What finally worked was using a general AI upscaler at 2x with conservative settings. The 2x upscale doubled the pixel dimensions, which on its own made small text easier to read. The AI sharpening was subtle enough that it did not distort letter shapes. The result was not perfect. Maybe 85% of the previously unreadable words became readable. The remaining 15% were words where the original scan was so degraded that no amount of enhancement could recover them.

The OCR pipeline that saved weeks of work

After making the letters readable, I wanted to create searchable text. I ran the enhanced scans through OCR software to digitize everything. Here is what I learned about making this work well.

Always enhance before OCR. The difference in recognition accuracy is dramatic. On my grandmother's letters, OCR on the original scans got about 60% of the words correct. On the AI enhanced versions, it got about 85%. That 25% improvement meant I was correcting a few words per page instead of typing every other word from scratch.

For documents where every word matters, like legal papers or genealogical records, do not trust OCR alone even on enhanced scans. The AI and OCR together will get most of it right, but a single misread character in a name, date, or address can send you down the wrong research path.

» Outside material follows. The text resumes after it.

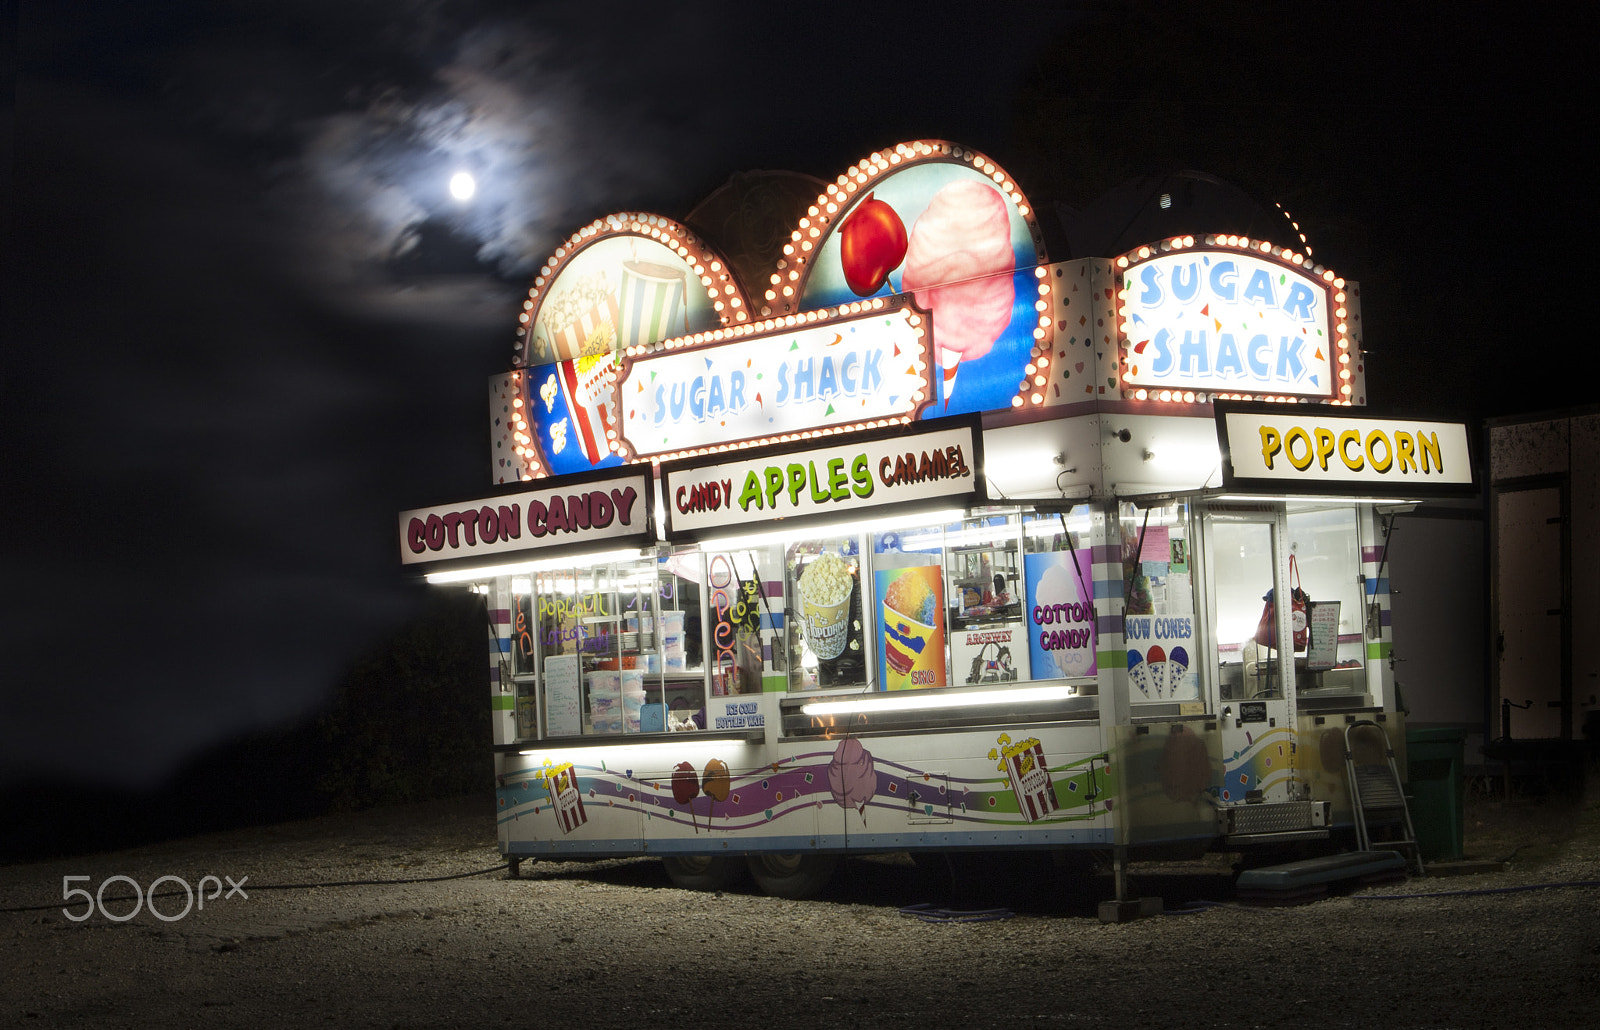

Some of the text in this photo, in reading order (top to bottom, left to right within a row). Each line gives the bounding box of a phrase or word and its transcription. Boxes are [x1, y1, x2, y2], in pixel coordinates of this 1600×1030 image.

Use the OCR as a starting point and verify by reading the enhanced image yourself.

What to do about bleed through from the other side

The thin airmail paper in my grandmother's letters meant the writing on the back showed through. This confused the AI upscaler. It tried to sharpen both layers of text simultaneously, turning the ghost writing into a second set of smeared characters overlaid on the first.

The fix was to preprocess the scans before enhancement. I opened each scan in an image editor and increased the contrast until the background was as close to white as possible. This reduced the visibility of the bleed through text. Then I ran the AI upscale. The result was not perfect. The ghost text was still faintly visible. But it was subdued enough that the front side text was clearly dominant.

For the worst cases, where bleed through was so severe that both sides were equally visible, I duplicated the layer, applied a heavy blur to isolate the ghost text, and subtracted it from the original. This is getting into manual restoration territory, but for the five or six worst letters out of eighty, it was worth the effort.

I finished digitizing all eighty letters in about three weekends. TheClarifyPix AI enhancement made most of them readable. The OCR turned the readable images into searchable text. The manual work was verifying names, dates, and places. My grandmother's letters are now a searchable PDF that my whole family has copies of. The original scans were nearly unusable. The enhanced versions brought them back to life.